- [Your instructions]
An exact restatement of the data is required, with the images omitted.

☆ ☆ ☆ ☆

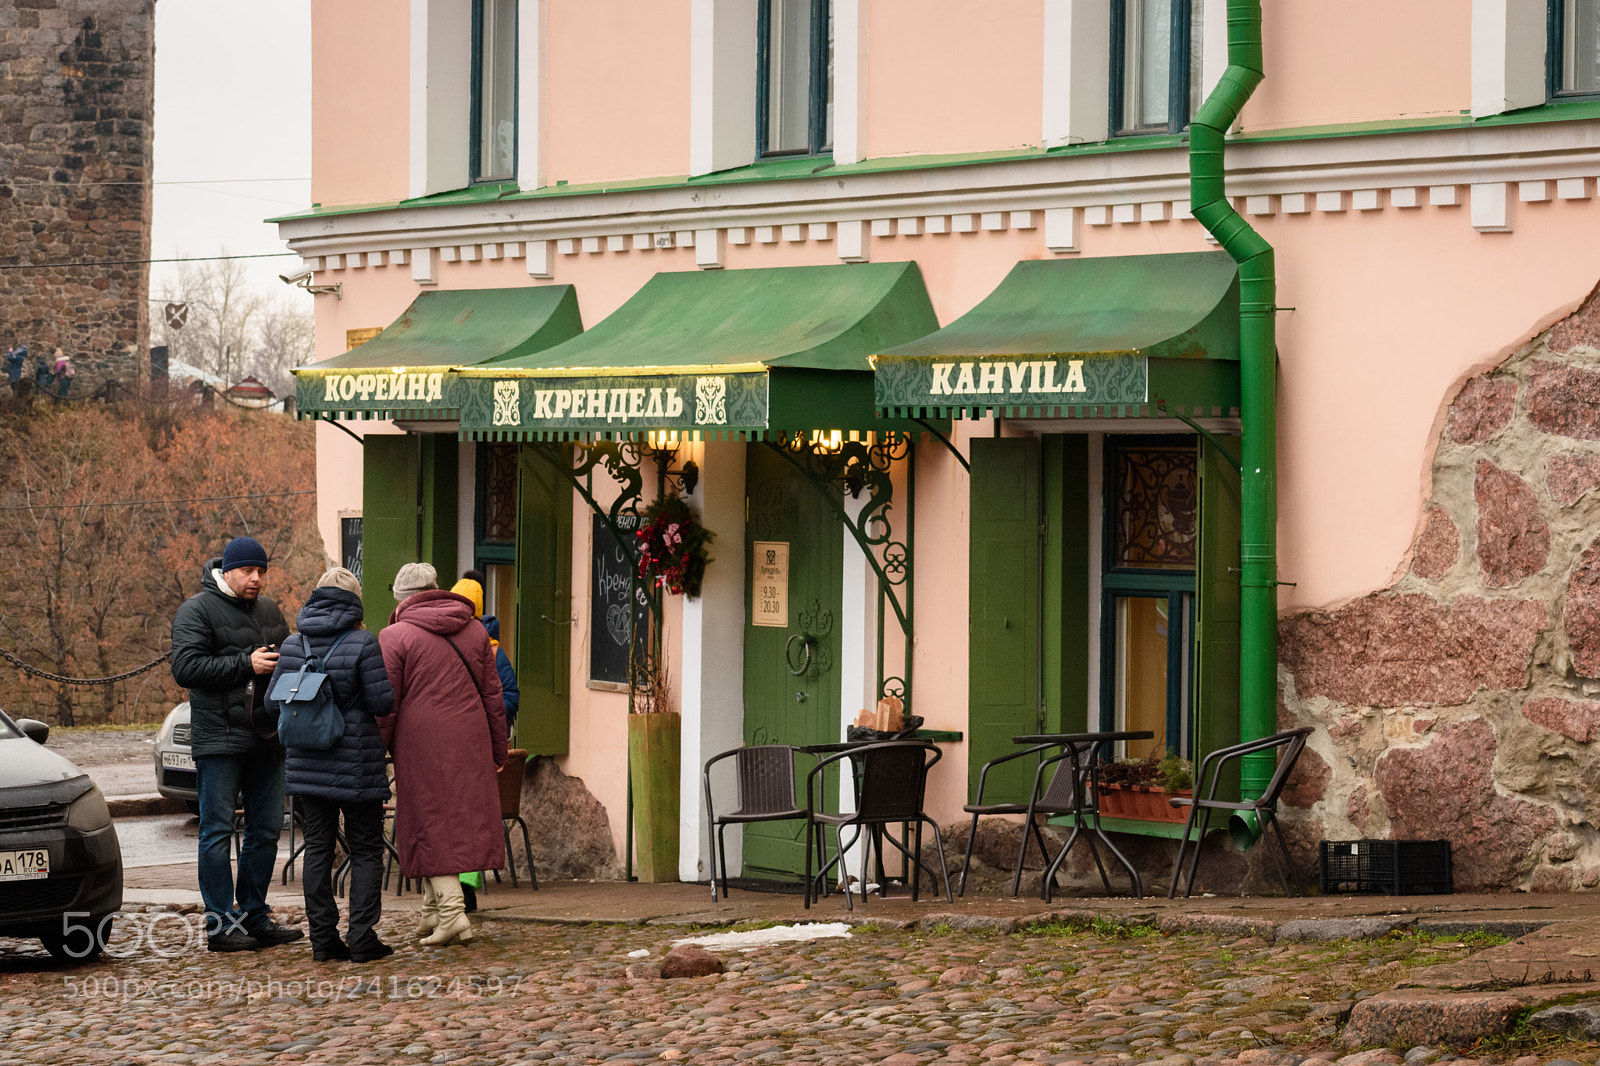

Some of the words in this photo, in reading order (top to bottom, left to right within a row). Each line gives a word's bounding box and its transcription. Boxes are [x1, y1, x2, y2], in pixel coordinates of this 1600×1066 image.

[324, 368, 443, 403] КОФЕЙНЯ
[930, 360, 1087, 395] KAHVILA
[533, 388, 683, 423] КРЕНДЕЛЬ
[763, 601, 780, 613] 20.30
[17, 852, 45, 867] 178

☆ ☆ ☆ ☆

- [Finished task]
Some of the words in this photo, in reading order (top to bottom, left to right within a row). Each line gives a word's bounding box and its transcription. Boxes are [x1, y1, x2, y2], in pixel coordinates of this 1600×1066 image.

[324, 368, 443, 403] КОФЕЙНЯ
[930, 360, 1087, 395] KAHVILA
[533, 388, 683, 423] КРЕНДЕЛЬ
[763, 601, 780, 613] 20.30
[17, 852, 45, 867] 178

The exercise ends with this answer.